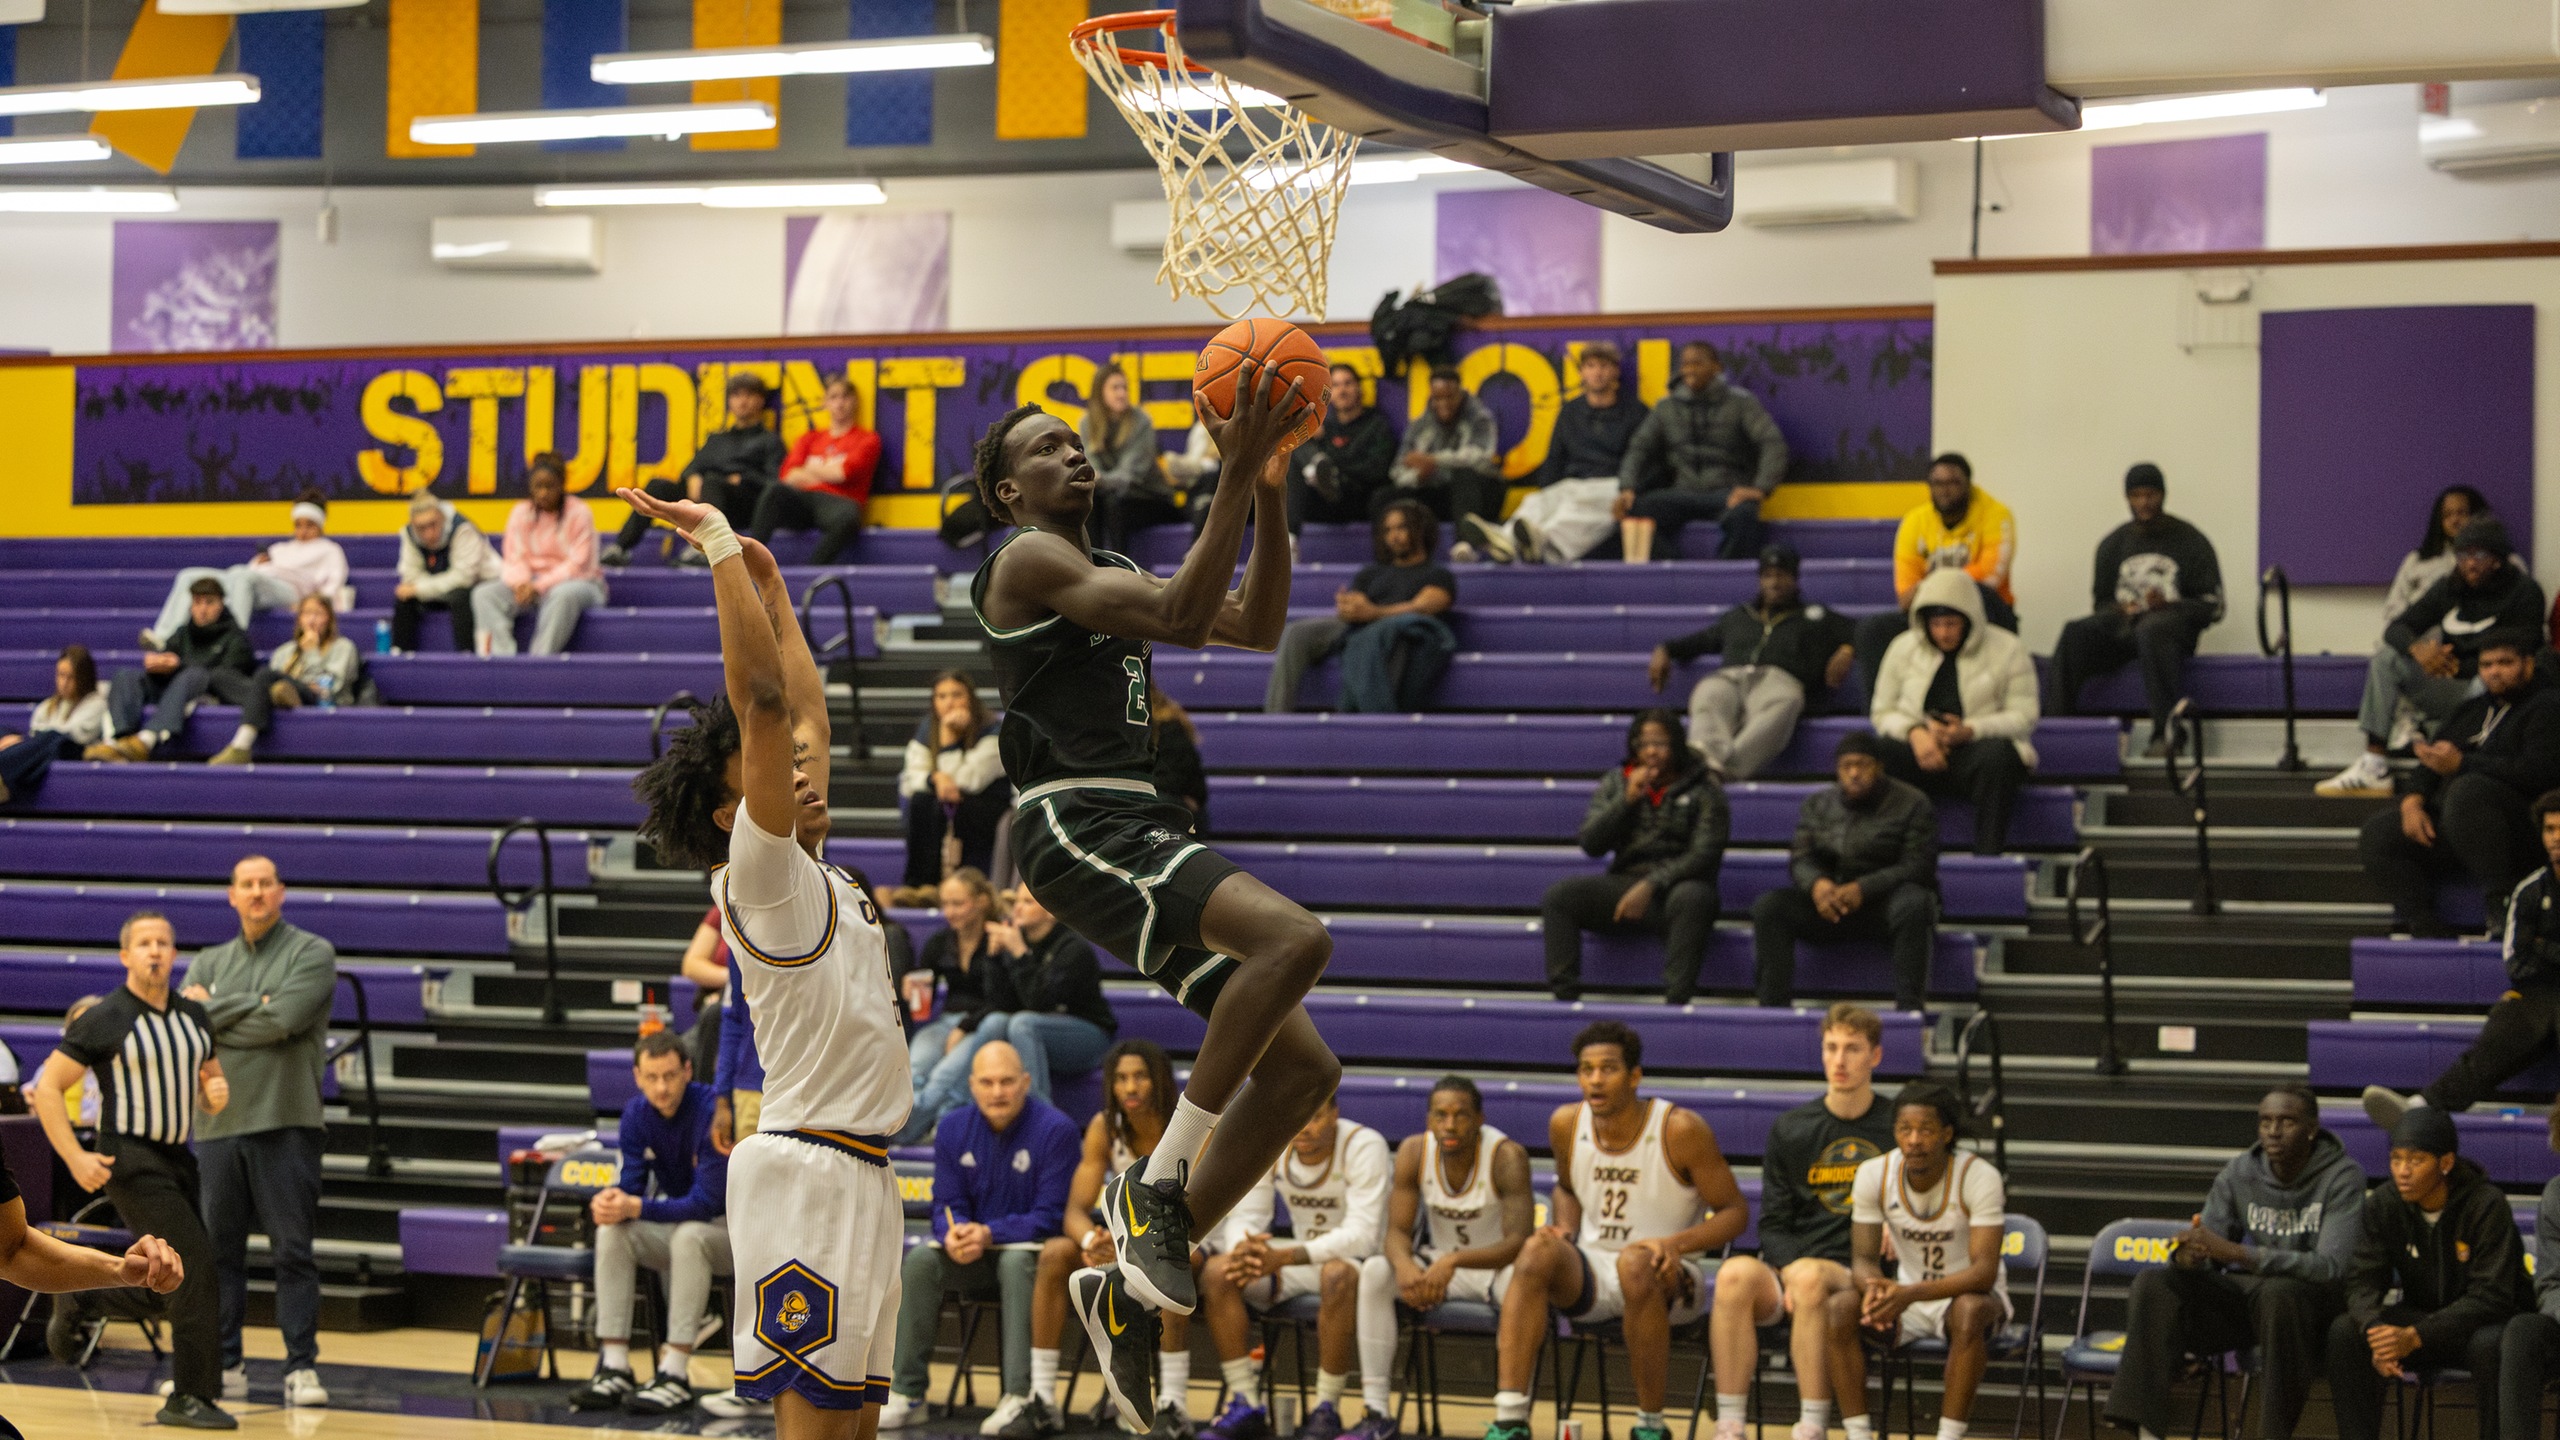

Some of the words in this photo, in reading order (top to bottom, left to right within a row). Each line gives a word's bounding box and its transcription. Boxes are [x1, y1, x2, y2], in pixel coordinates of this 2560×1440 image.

[1122, 655, 1150, 727] 2
[1593, 1166, 1641, 1185] DODGE
[1601, 1187, 1628, 1220] 32
[1455, 1224, 1470, 1246] 5
[1922, 1246, 1945, 1270] 12

========================================================================

What's needed is every record restated exactly, pictures excluded.

Some of the words in this photo, in reading order (top to bottom, left to right within a row). Each line gives a word's bounding box and its transcription. Boxes are [x1, y1, x2, y2], in pixel coordinates of this 2560×1440 image.

[1122, 655, 1150, 727] 2
[1593, 1166, 1641, 1185] DODGE
[1601, 1187, 1628, 1220] 32
[1455, 1224, 1470, 1246] 5
[1922, 1246, 1945, 1270] 12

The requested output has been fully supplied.